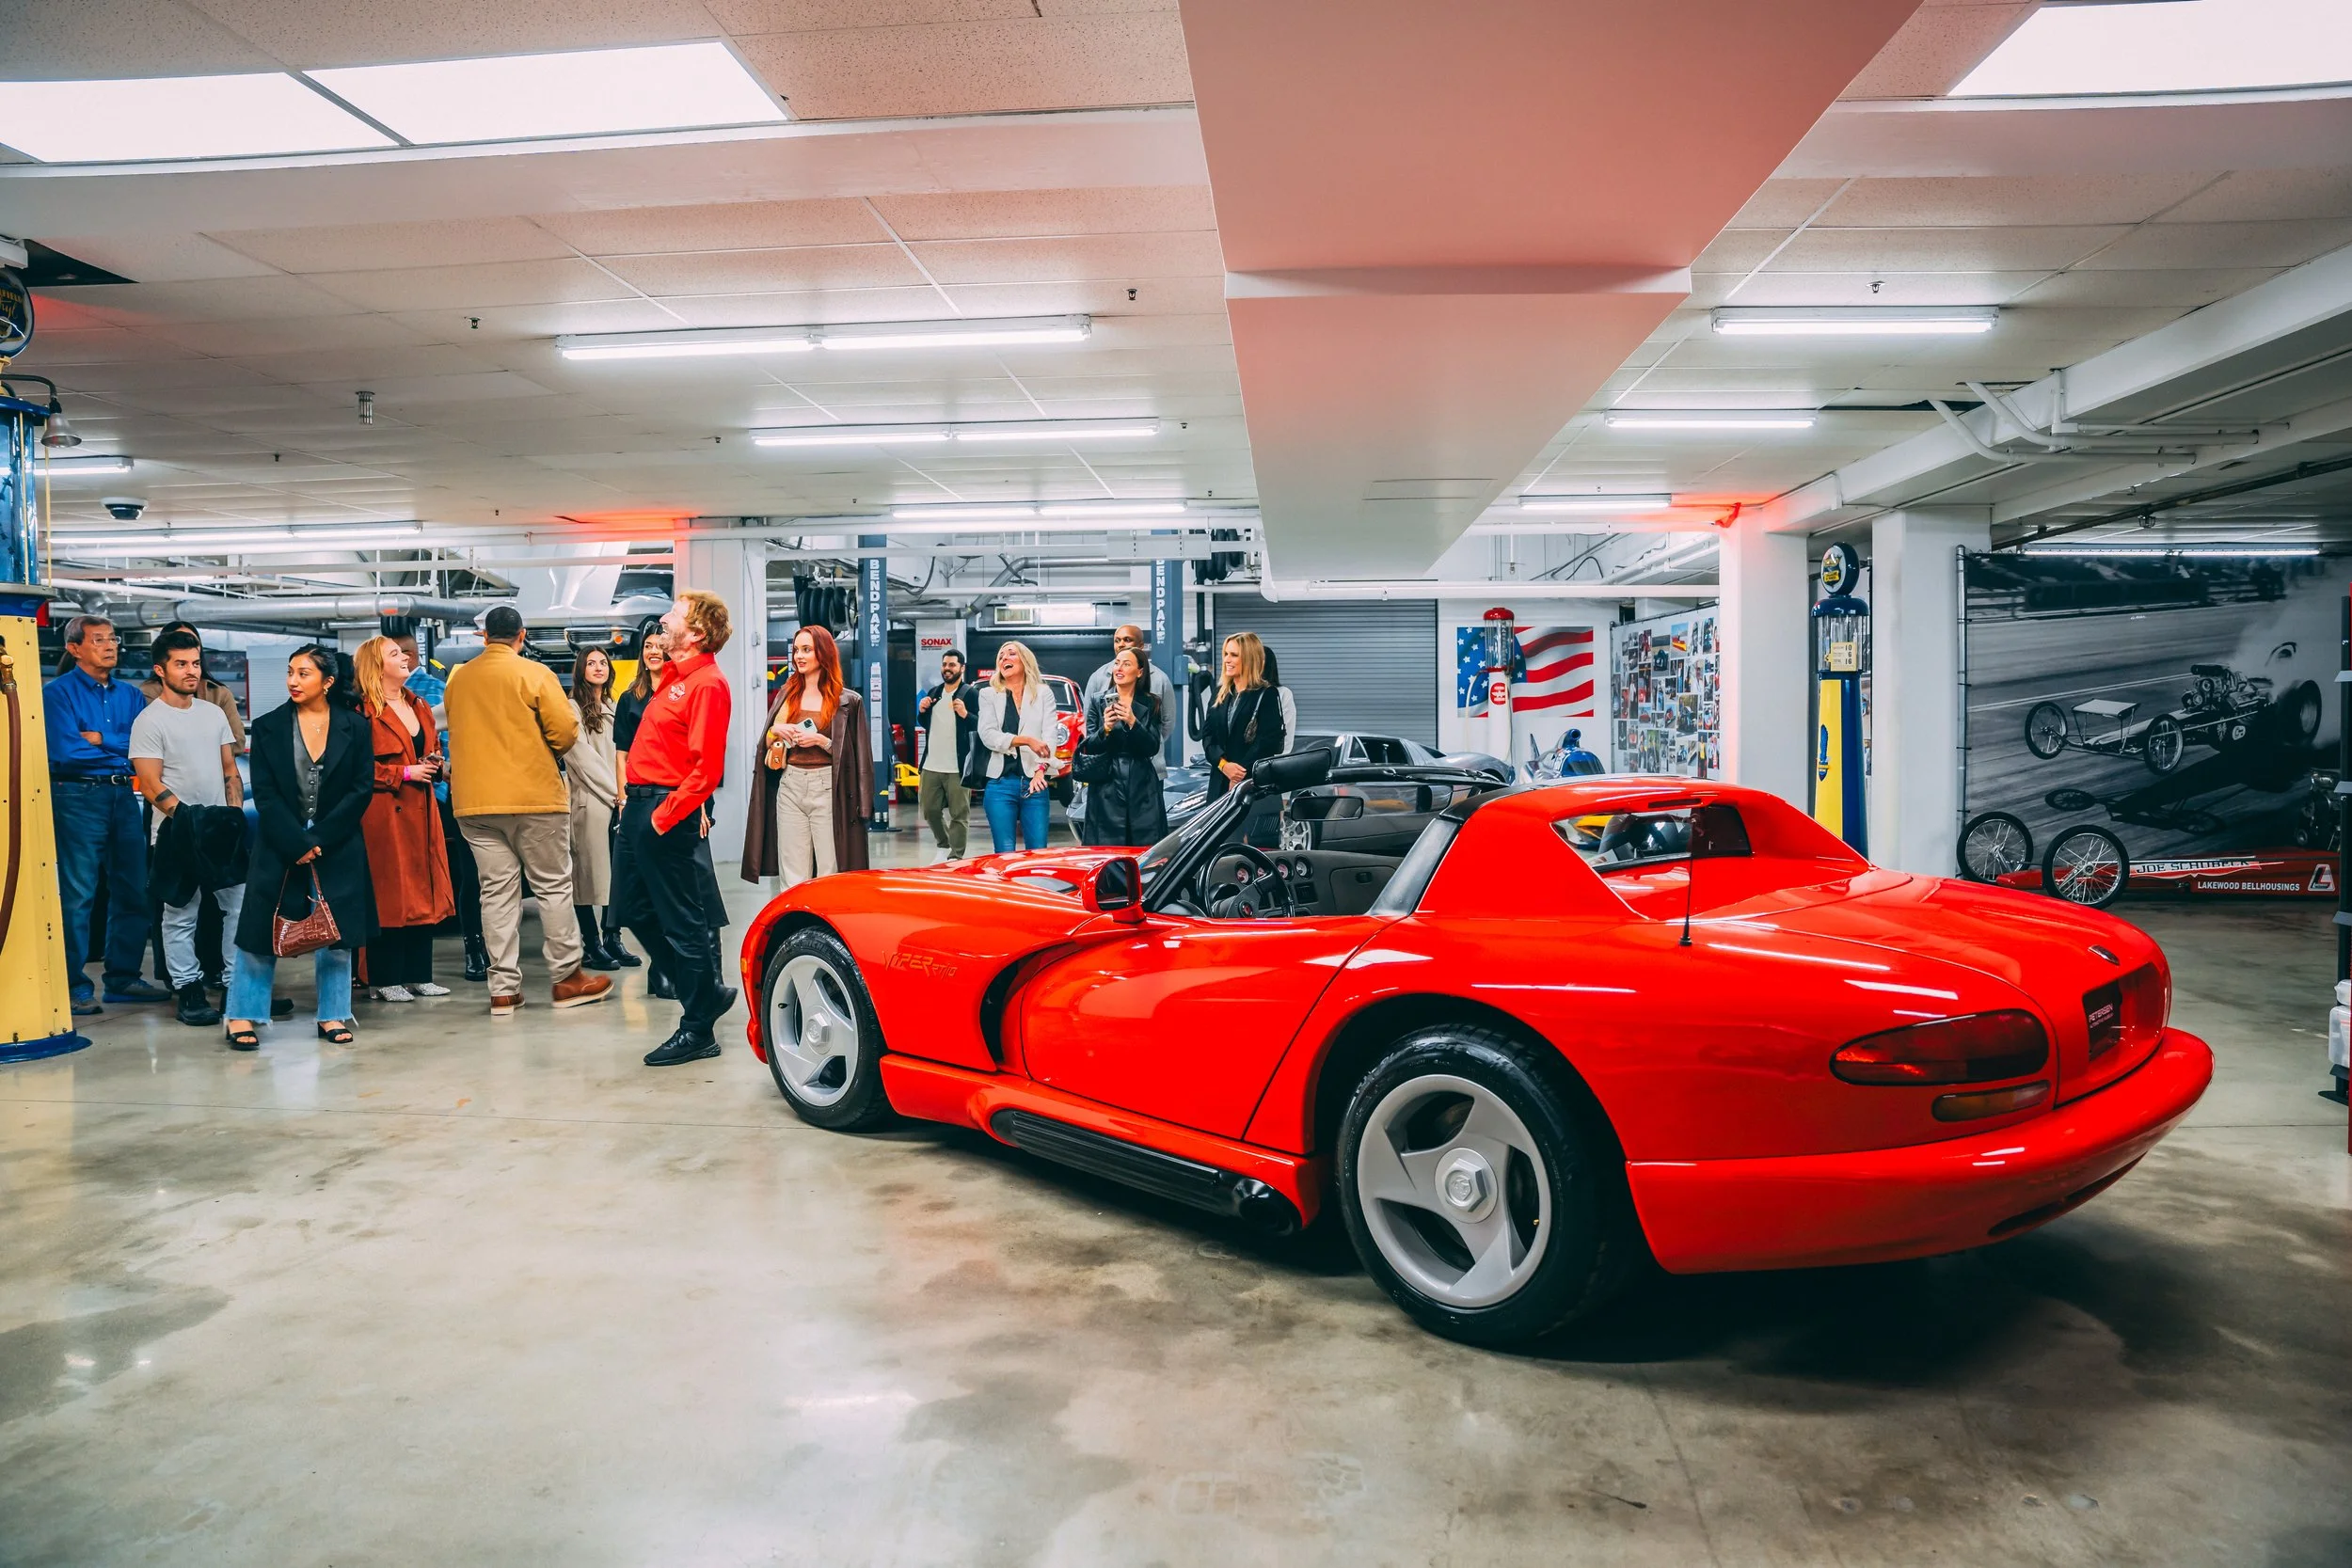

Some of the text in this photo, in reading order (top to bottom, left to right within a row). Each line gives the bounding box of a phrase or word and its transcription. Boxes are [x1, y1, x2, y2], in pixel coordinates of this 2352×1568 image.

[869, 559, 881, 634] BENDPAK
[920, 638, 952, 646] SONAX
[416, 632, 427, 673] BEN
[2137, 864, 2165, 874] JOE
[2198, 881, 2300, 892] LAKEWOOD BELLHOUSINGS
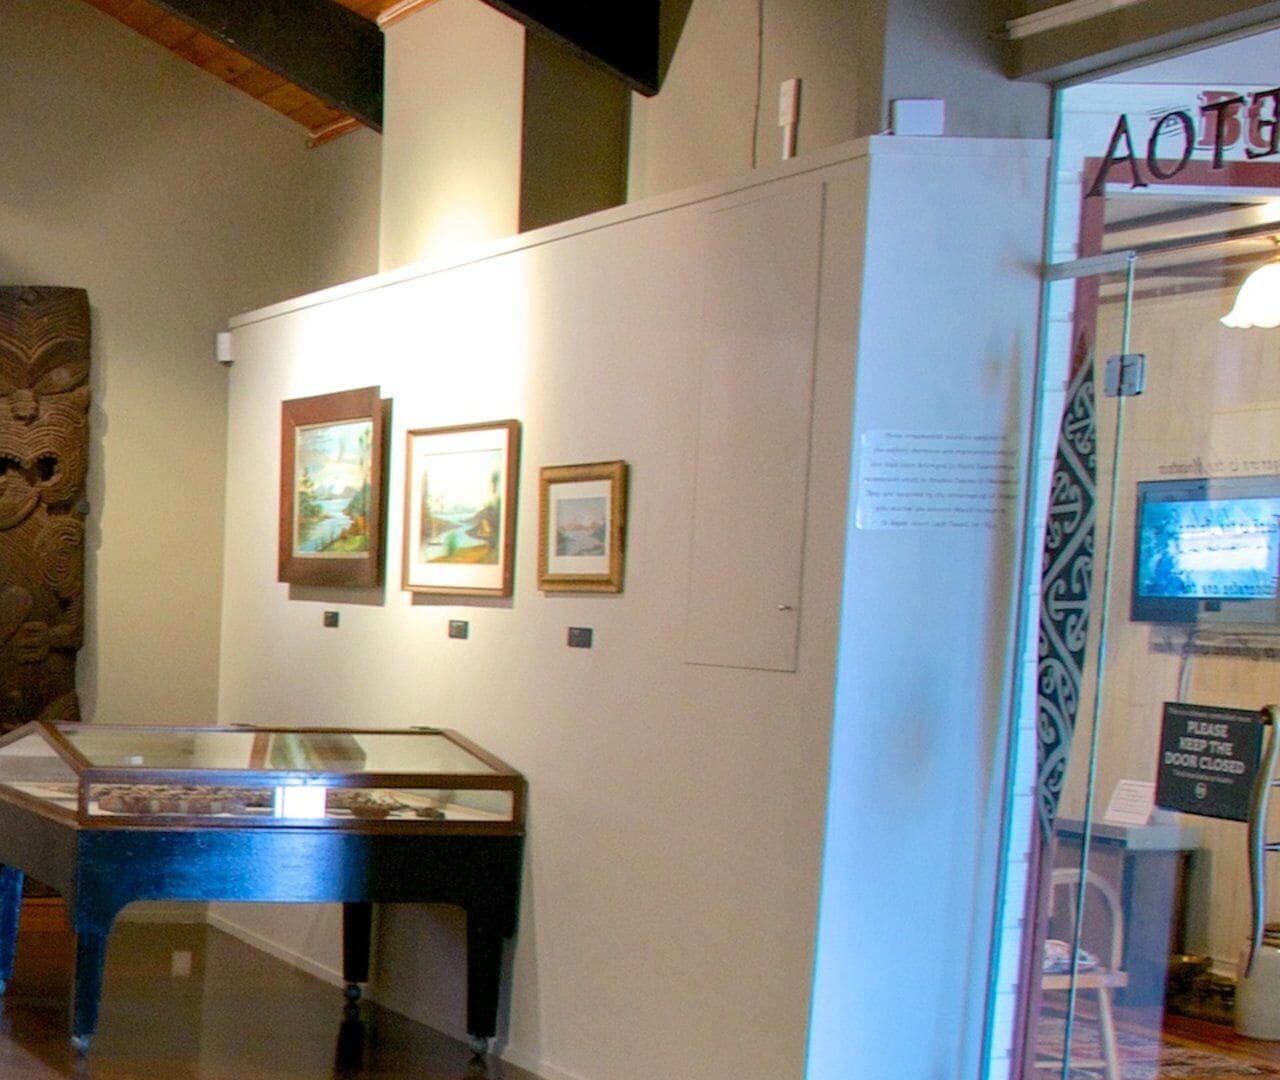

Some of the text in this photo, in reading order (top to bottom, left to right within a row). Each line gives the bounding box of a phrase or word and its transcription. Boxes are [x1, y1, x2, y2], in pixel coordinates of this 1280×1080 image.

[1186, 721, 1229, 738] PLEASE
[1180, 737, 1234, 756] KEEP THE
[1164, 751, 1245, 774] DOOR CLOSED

————————

An exact copy of all entries is needed, with no pictures in it.

■ RESPONSE TO THE EXERCISE ■
Some of the text in this photo, in reading order (top to bottom, left to right within a row). Each line gives the bounding box of a phrase or word and its transcription. Boxes are [x1, y1, x2, y2], in pixel coordinates of this 2352×1568 image.

[869, 559, 881, 634] BENDPAK
[920, 638, 952, 646] SONAX
[416, 632, 427, 673] BEN
[2137, 864, 2165, 874] JOE
[2198, 881, 2300, 892] LAKEWOOD BELLHOUSINGS

Some of the text in this photo, in reading order (top to bottom, left to right within a row). Each line gives the bounding box of a phrase or word and its transcription. Boxes are [x1, y1, x2, y2], in pixel coordinates of this 1280×1080 image.

[1186, 721, 1229, 738] PLEASE
[1180, 737, 1234, 756] KEEP THE
[1164, 751, 1245, 774] DOOR CLOSED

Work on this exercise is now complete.